▶ **WORK ORDER**: Print all of the data below exactly as it appears, leaving out every image.

(Items from a dataset)
::::::::::

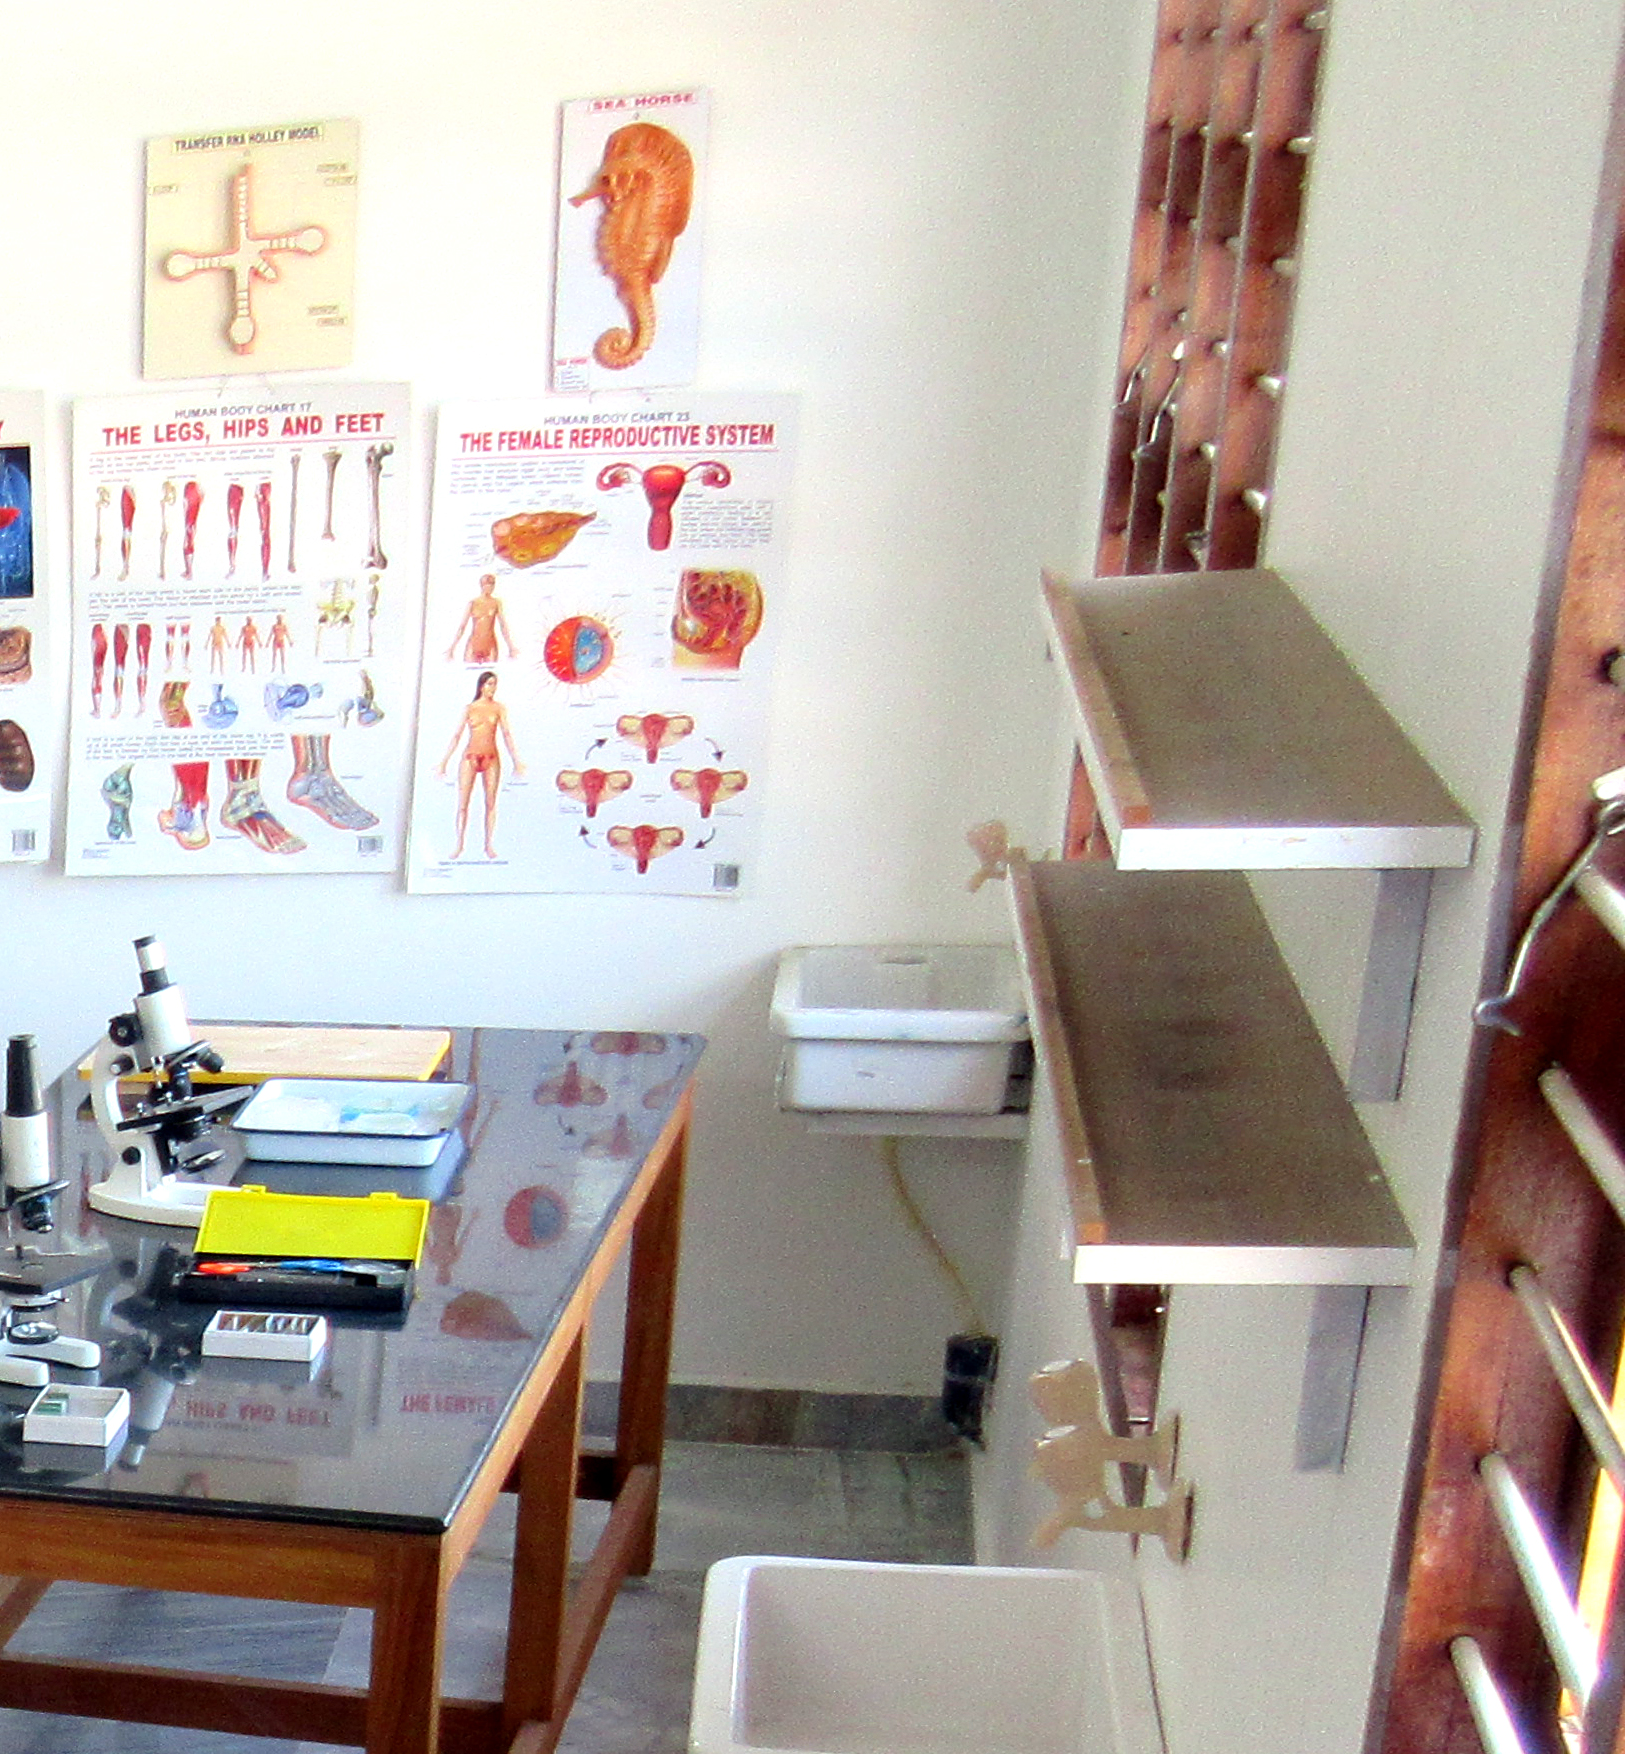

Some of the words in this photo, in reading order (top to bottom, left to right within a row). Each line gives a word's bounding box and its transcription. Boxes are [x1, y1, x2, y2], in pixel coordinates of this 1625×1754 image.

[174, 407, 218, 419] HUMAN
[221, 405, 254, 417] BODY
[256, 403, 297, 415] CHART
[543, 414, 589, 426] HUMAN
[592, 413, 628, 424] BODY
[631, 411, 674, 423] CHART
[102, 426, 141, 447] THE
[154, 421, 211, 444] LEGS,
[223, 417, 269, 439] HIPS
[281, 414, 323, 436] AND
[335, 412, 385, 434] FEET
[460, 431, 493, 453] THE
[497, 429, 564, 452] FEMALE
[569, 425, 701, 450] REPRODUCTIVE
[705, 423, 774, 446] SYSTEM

::::::::::

▶ **OUTPUT FOR THIS EXERCISE**:
Some of the words in this photo, in reading order (top to bottom, left to right within a row). Each line gives a word's bounding box and its transcription. Boxes are [x1, y1, x2, y2], in pixel coordinates of this 1625×1754 image.

[174, 407, 218, 419] HUMAN
[221, 405, 254, 417] BODY
[256, 403, 297, 415] CHART
[543, 414, 589, 426] HUMAN
[592, 413, 628, 424] BODY
[631, 411, 674, 423] CHART
[102, 426, 141, 447] THE
[154, 421, 211, 444] LEGS,
[223, 417, 269, 439] HIPS
[281, 414, 323, 436] AND
[335, 412, 385, 434] FEET
[460, 431, 493, 453] THE
[497, 429, 564, 452] FEMALE
[569, 425, 701, 450] REPRODUCTIVE
[705, 423, 774, 446] SYSTEM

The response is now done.